Stored items
-- Opening Marker --
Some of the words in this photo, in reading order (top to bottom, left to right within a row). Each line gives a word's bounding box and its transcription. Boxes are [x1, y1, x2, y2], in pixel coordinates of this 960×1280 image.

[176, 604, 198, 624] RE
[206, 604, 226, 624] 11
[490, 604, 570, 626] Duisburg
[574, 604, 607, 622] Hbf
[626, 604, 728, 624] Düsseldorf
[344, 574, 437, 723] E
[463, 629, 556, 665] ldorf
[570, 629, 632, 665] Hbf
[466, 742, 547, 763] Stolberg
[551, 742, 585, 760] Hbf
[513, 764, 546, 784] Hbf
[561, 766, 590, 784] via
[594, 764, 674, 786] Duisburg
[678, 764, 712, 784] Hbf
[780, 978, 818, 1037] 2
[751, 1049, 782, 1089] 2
-- Closing Marker --
## INSTRUCTIONS FOR THE TASK
Copy out all of the data. Keep every word unchanged.

## SOLVED EXERCISE
Some of the words in this photo, in reading order (top to bottom, left to right within a row). Each line gives a word's bounding box and its transcription. Boxes are [x1, y1, x2, y2], in pixel coordinates of this 960×1280 image.

[176, 604, 198, 624] RE
[206, 604, 226, 624] 11
[490, 604, 570, 626] Duisburg
[574, 604, 607, 622] Hbf
[626, 604, 728, 624] Düsseldorf
[344, 574, 437, 723] E
[463, 629, 556, 665] ldorf
[570, 629, 632, 665] Hbf
[466, 742, 547, 763] Stolberg
[551, 742, 585, 760] Hbf
[513, 764, 546, 784] Hbf
[561, 766, 590, 784] via
[594, 764, 674, 786] Duisburg
[678, 764, 712, 784] Hbf
[780, 978, 818, 1037] 2
[751, 1049, 782, 1089] 2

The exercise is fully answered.